APP ubiquitination by VHL protein is essential for MVB sorting and lysosomal degradation.

Amyloid precursor protein (APP), a type I transmembrane protein, is closely related to the pathogenesis of Alzheimer's disease (AD). Amyloid beta (Aβ) is generated by sequential processing of APP in the Golgi apparatus and endosomes, and its toxicity leads to neuron dysfunction and neurodegeneration. APP is selectively shuttled between intracellular membrane compartments and ultimately transported into lysosomes.
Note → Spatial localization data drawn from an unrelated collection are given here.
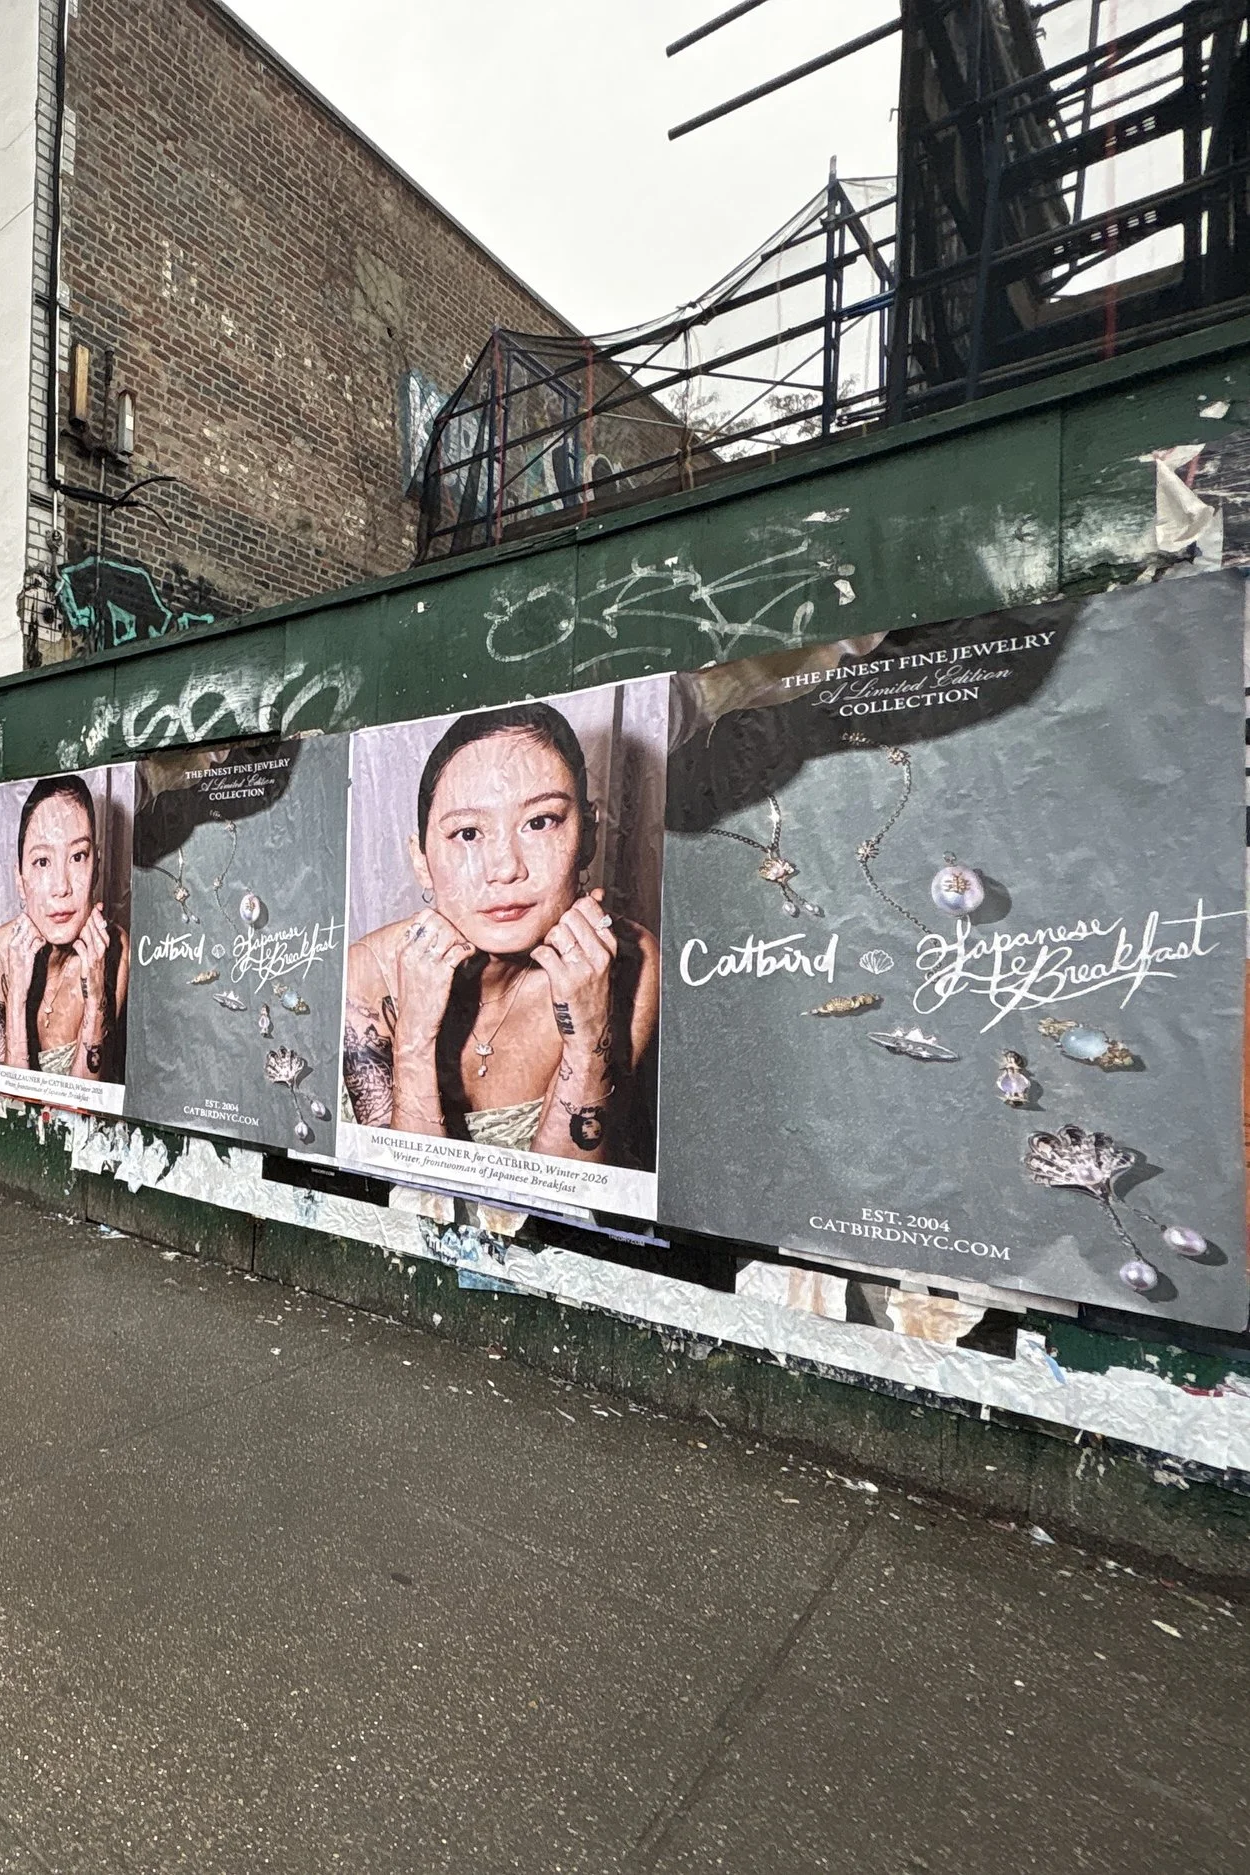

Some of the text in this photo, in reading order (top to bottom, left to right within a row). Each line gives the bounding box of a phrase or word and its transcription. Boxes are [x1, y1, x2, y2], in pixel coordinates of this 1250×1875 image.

[782, 630, 1057, 688] THE FINEST FINE JEWELRY
[811, 664, 1014, 706] A Limited Edition
[839, 686, 980, 717] COLLECTION
[185, 758, 290, 780] THE FINEST FINE JEWELRY
[211, 778, 245, 791] Limited
[209, 787, 265, 801] COLLECTION
[137, 932, 206, 967] Catbird
[231, 925, 307, 984] Japanese
[252, 916, 345, 995] Breakfast
[679, 933, 840, 986] Catbird
[913, 915, 1124, 1014] Japanese
[971, 898, 1248, 1034] Breakfast
[183, 1105, 259, 1126] CATBIRDNYC.COM
[205, 1099, 239, 1112] EST. 2004
[371, 1135, 609, 1186] MICHELLE ZAUNER for CATBIRD, Winter 2026
[392, 1151, 577, 1193] Writer, frontwoman of Japanese Breakfast
[809, 1215, 1011, 1261] CATBIRDNYC.COM
[861, 1207, 951, 1233] EST. 2004
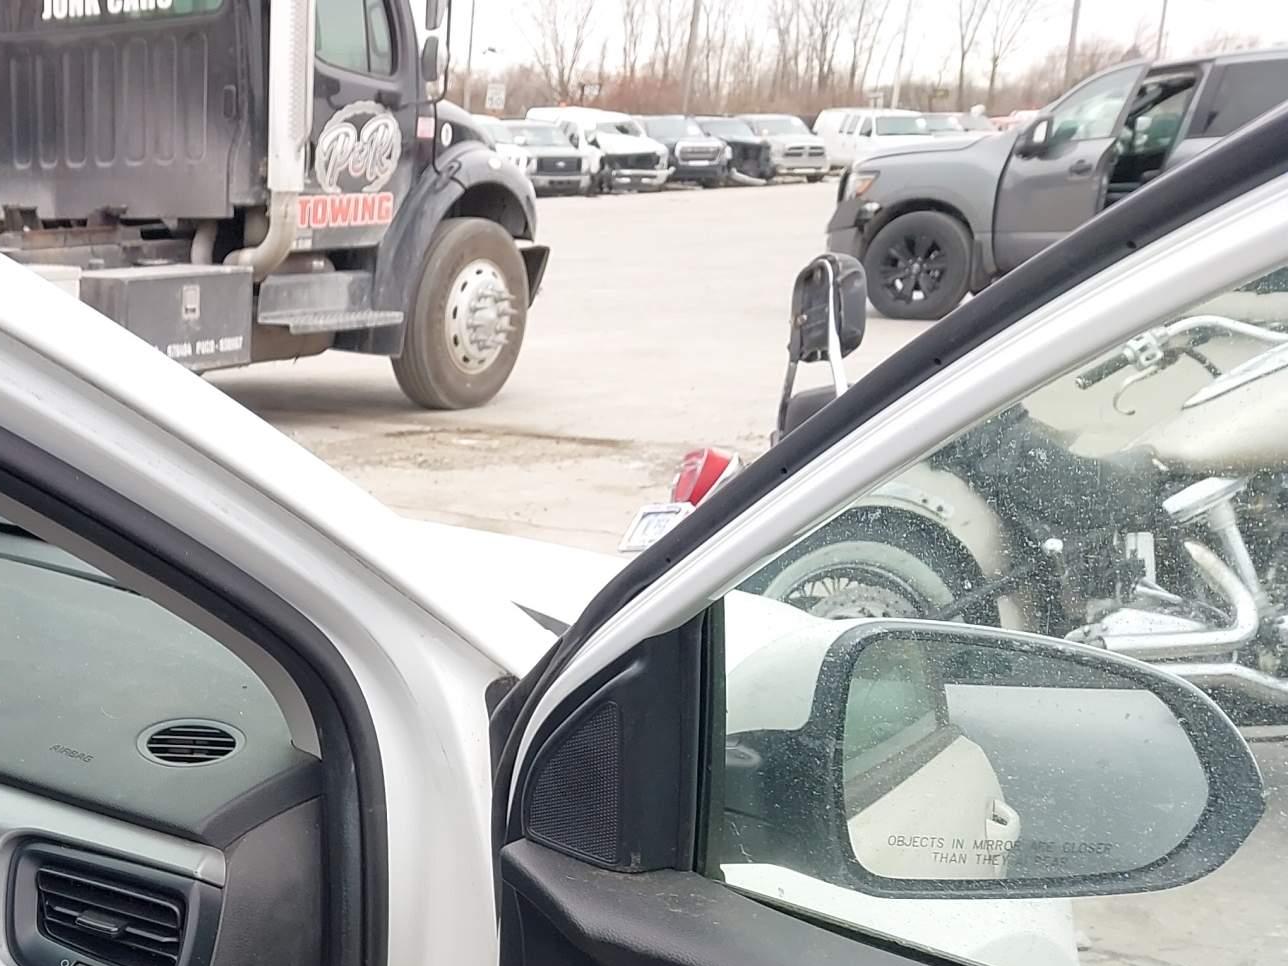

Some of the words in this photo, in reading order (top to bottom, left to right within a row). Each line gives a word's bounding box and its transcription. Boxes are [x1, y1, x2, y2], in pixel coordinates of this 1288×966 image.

However, the mechanisms underlying APP sorting signals and lysosomal degradation are largely unclear. In this study, we show that the von Hippel‒Lindau (VHL) protein, a subunit of an E3 ligase, recognizes the cytoplasmic domain of APP and mediates its ubiquitination. VHL-mediated ubiquitination facilitates the sorting of membrane APP into intraluminal vesicles of multivesicular bodies (MVBs) and subsequent degradation in lysosomes. Therefore, the loss of VHL accelerates Aβ plaque deposition and memory deficits in AD model mice. Our findings reveal the role of VHL in restricting AD pathogenesis through ubiquitination-dependent MVB sorting and lysosomal degradation of APP.